Artificial intelligence research lab OpenAI has released GPT-4, the latest version of the groundbreaking AI system that powers ChatGPT, which it says is more creative, less prone to fabricating facts, and less biased than its predecessor.
Calling it “our most capable and aligned model yet,” OpenAI co-founder Sam Altman said the new system is a “multimodal” model, meaning it can accept images and text as inputs, allowing users to users ask questions about the images. The new version can handle massive text input and can remember and act on more than 20,000 words at a time, allowing you to take an entire novel as a message.
The new model is available today for users of ChatGPT Plus, the paid version of the ChatGPT chatbot, which provided some of the training data for the latest version.
OpenAI has also worked with commercial partners to offer services powered by GPT-4. A new subscription level of the Duolingo language learning app, Duolingo Max, will now offer English-speaking users AI-powered conversations in French or Spanish, and can use GPT-4 to explain mistakes students have made in languages. On the other end of the spectrum, payment processing company Stripe uses GPT-4 to answer support questions from corporate users and help spot potential scammers on the company’s support forums.
“Artificial intelligence has always been a big part of our strategy,” said Duolingo’s senior product manager, Edwin Bodge. “We had been using it to customize lessons and run Duolingo English tests. But there were gaps in the learning journey that we wanted to fill: conversational practice and contextual feedback on mistakes.” The company’s experiments with GPT-4 convinced it that the technology was capable of providing those features, with “95% ” of the prototype created in one day.
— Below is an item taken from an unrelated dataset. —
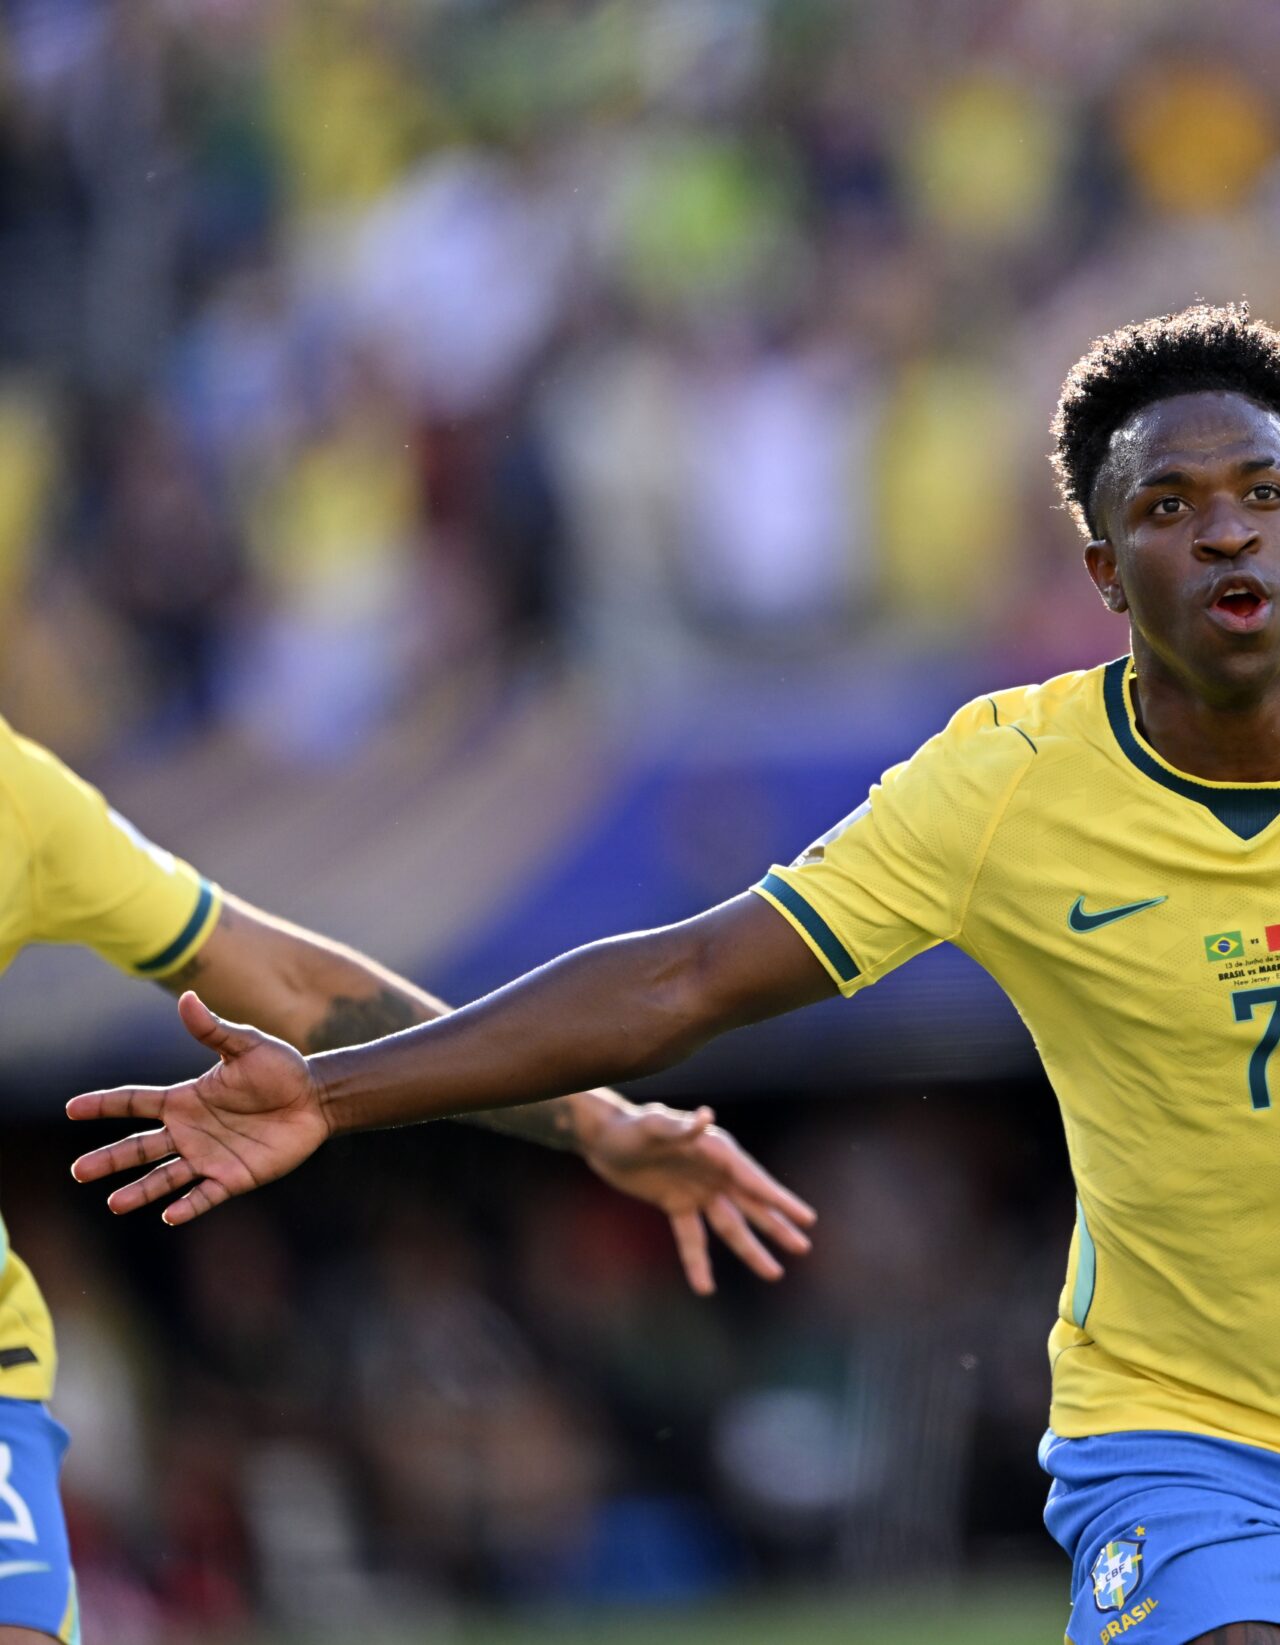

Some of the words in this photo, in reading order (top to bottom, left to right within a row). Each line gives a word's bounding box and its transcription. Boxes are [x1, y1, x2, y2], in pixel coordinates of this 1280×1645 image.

During a demo of GPT-4 on Tuesday, Open AI president and co-founder Greg Brockman also gave users a sneak peek at the image recognition capabilities of the newest version of the system, which is not yet publicly available. and it’s only being tested by a company called Be My Eyes. The feature will allow GPT-4 to analyze and respond to images that are sent along with prompts and answer questions or perform tasks based on those images. “GPT-4 is not just a language model, it’s also a vision model,” Brockman said, “it can flexibly accept input that intersperses images and text in an arbitrary way, like a document.”
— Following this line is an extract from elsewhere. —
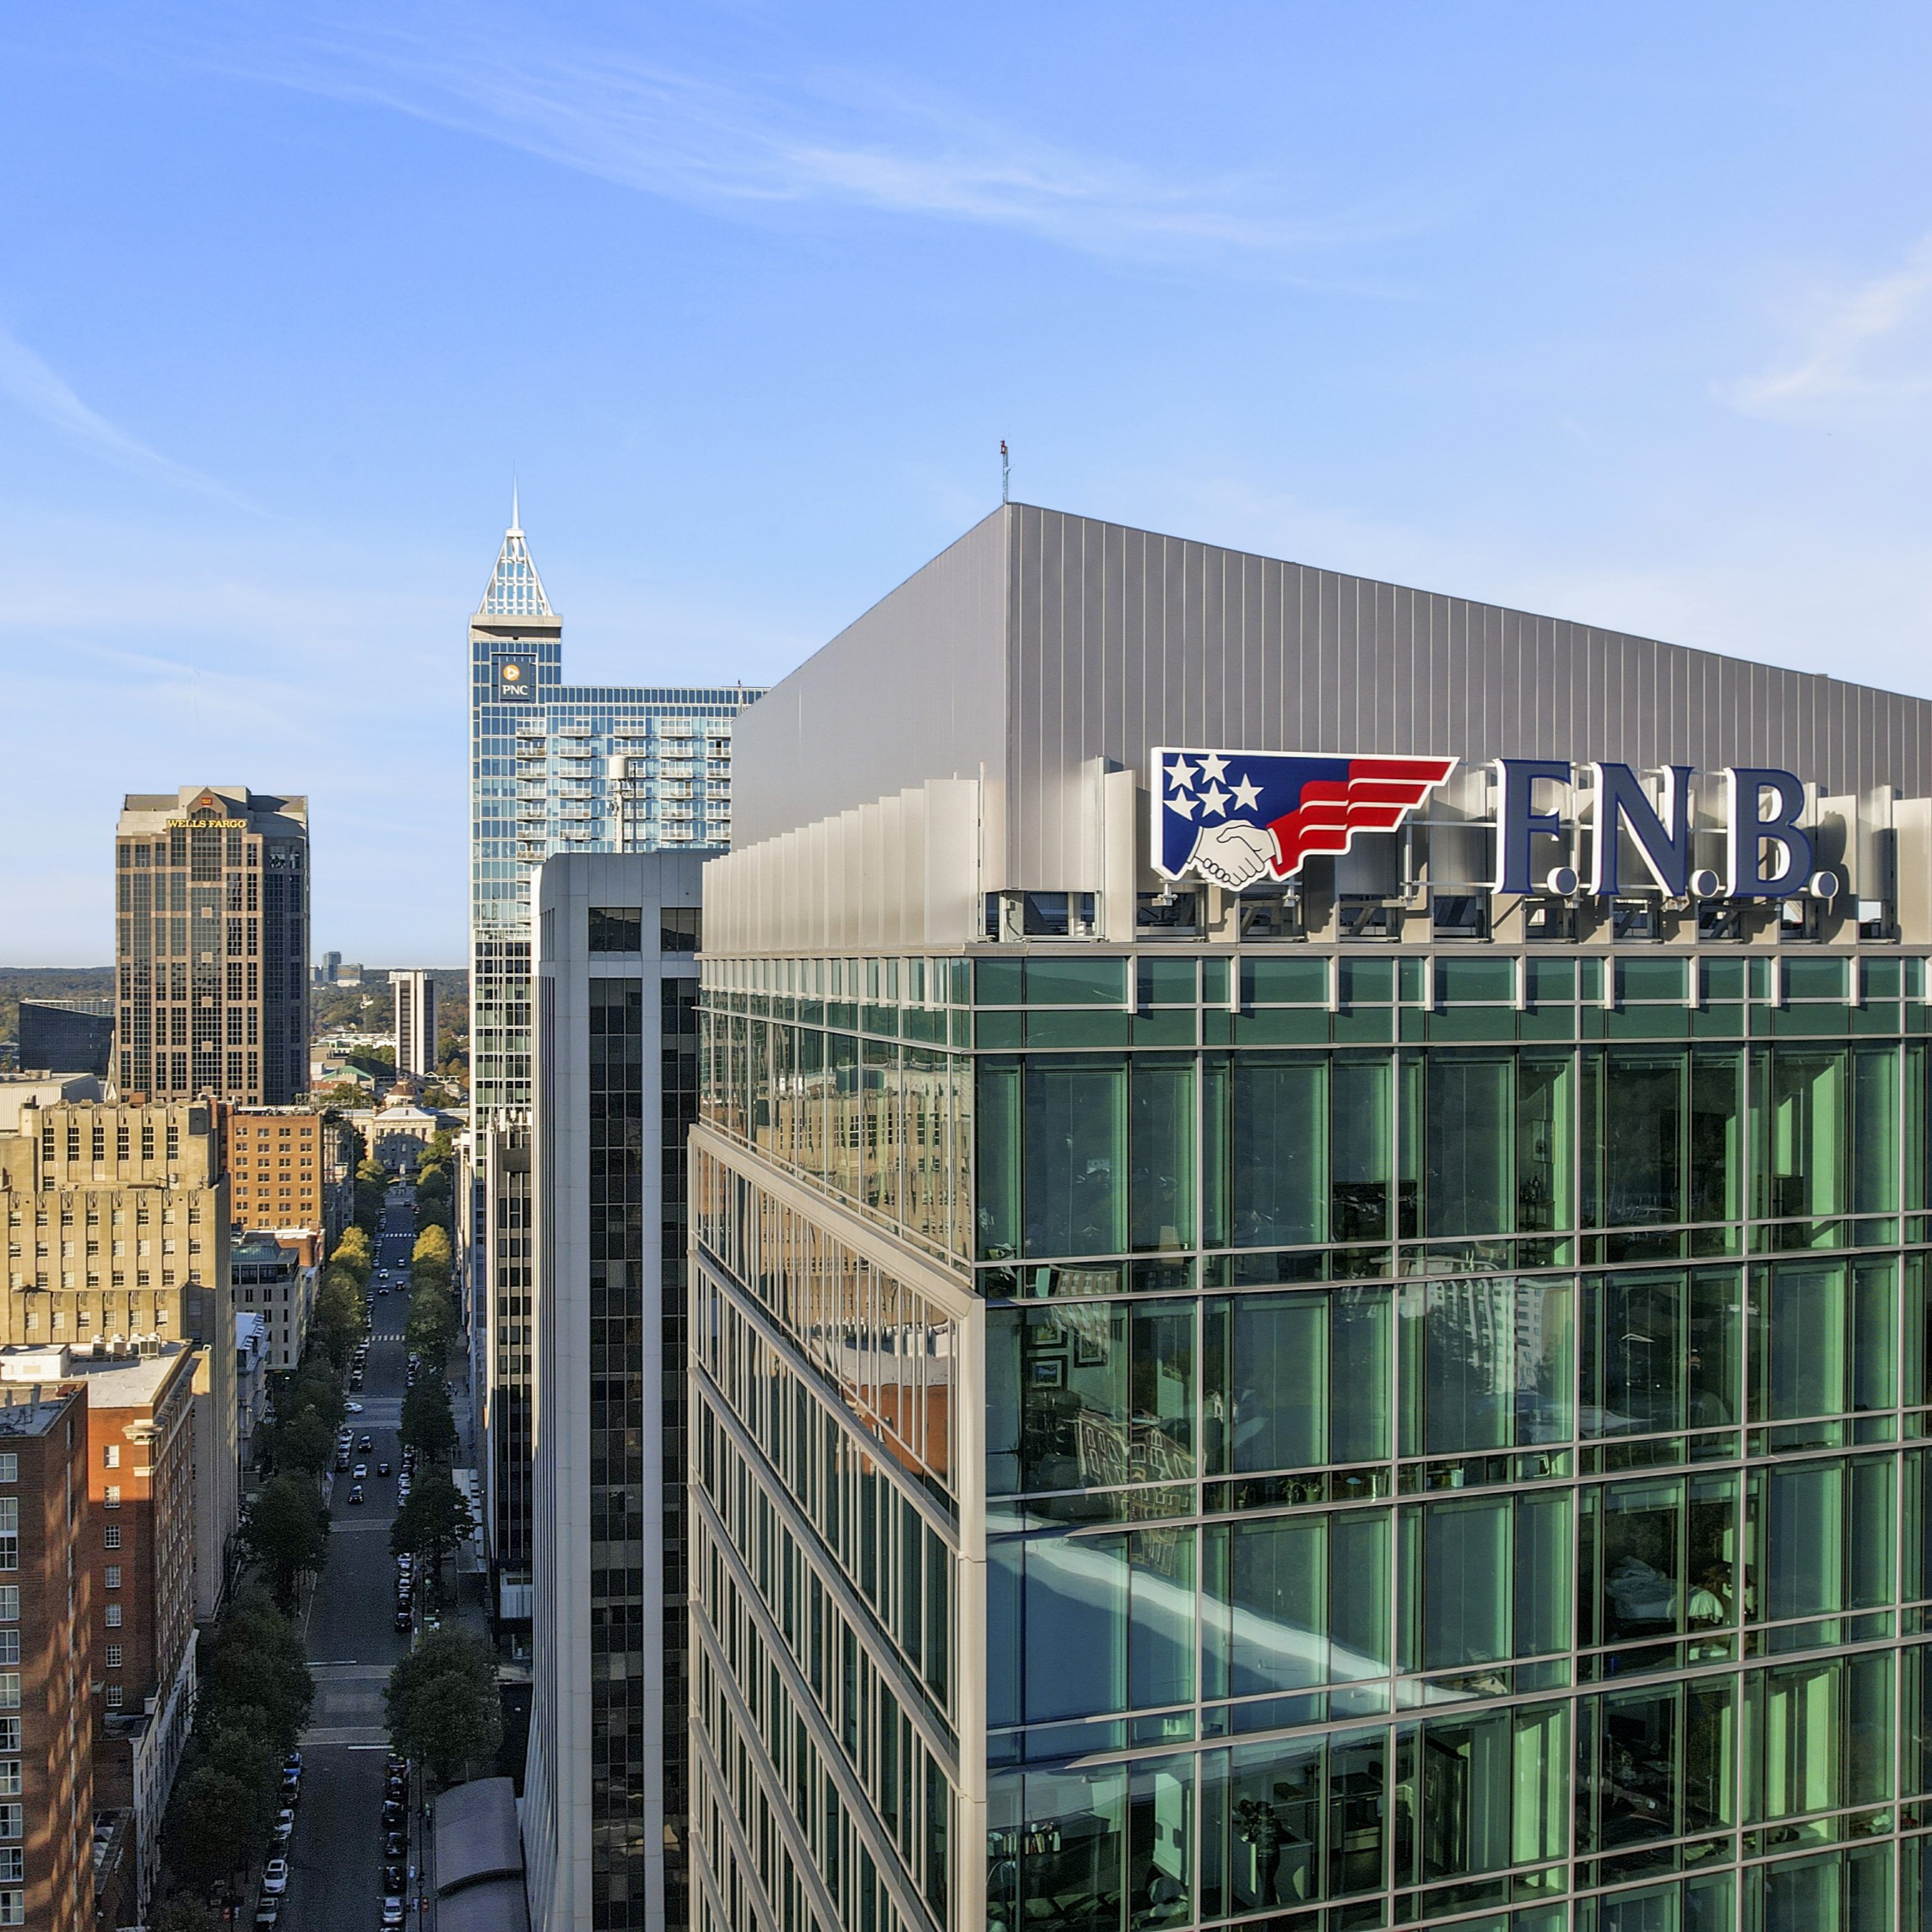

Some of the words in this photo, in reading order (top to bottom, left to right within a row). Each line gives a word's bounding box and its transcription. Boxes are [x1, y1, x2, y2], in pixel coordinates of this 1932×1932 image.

[501, 685, 528, 695] PNC
[167, 820, 207, 828] WELLS
[208, 820, 246, 828] FARGO
[1491, 758, 1839, 898] F.N.B.
At one point in the demo, GPT-4 was asked to describe why the image of a squirrel with a camera was funny. (Because “we don’t expect them to use a camera or act like humans.”) At another point, Brockman sent a photo of a crude, hand-drawn sketch of a website to GPT-4, and the system created a website based on it. drawing.
OpenAI claims that GPT-4 fixes or improves many of the criticisms that users had with the previous version of their system. As a “big language model”, GPT-4 is trained on vast amounts of data pulled from the Internet and attempts to provide answers to sentences and questions that are statistically similar to those that already exist in the real world. But that may mean making up information when you don’t know the exact answer, a problem known as “hallucination,” or providing annoying or abusive answers when given the wrong directions.
By leveraging the conversations users were having with ChatGPT, OpenAI says it was able to improve, but not eliminate, those weaknesses in GPT-4, sensitively responding to requests for content, such as self-harm or medical advice, “29% more often ” and answering incorrectly. to disallowed content requests 82% less frequently.
However, GPT-4 will still “blow up” the facts, and OpenAI cautions users: “Extreme care should be taken when using language model output, particularly in high-risk contexts, with the exact protocol (such as human review , grounding with additional context, or avoiding high-risk uses altogether) that match the needs of a specific use case.” But it scores “40% higher” in tests meant to measure hallucinations, says OpenAI.
The system is particularly good at avoiding cliché: older versions of GPT will gleefully insist that the statement “you can’t teach an old dog new tricks” is factually accurate, but newer GPT-4 will correctly tell the user who asks if you can teach an old dog new tricks that “yes you can.”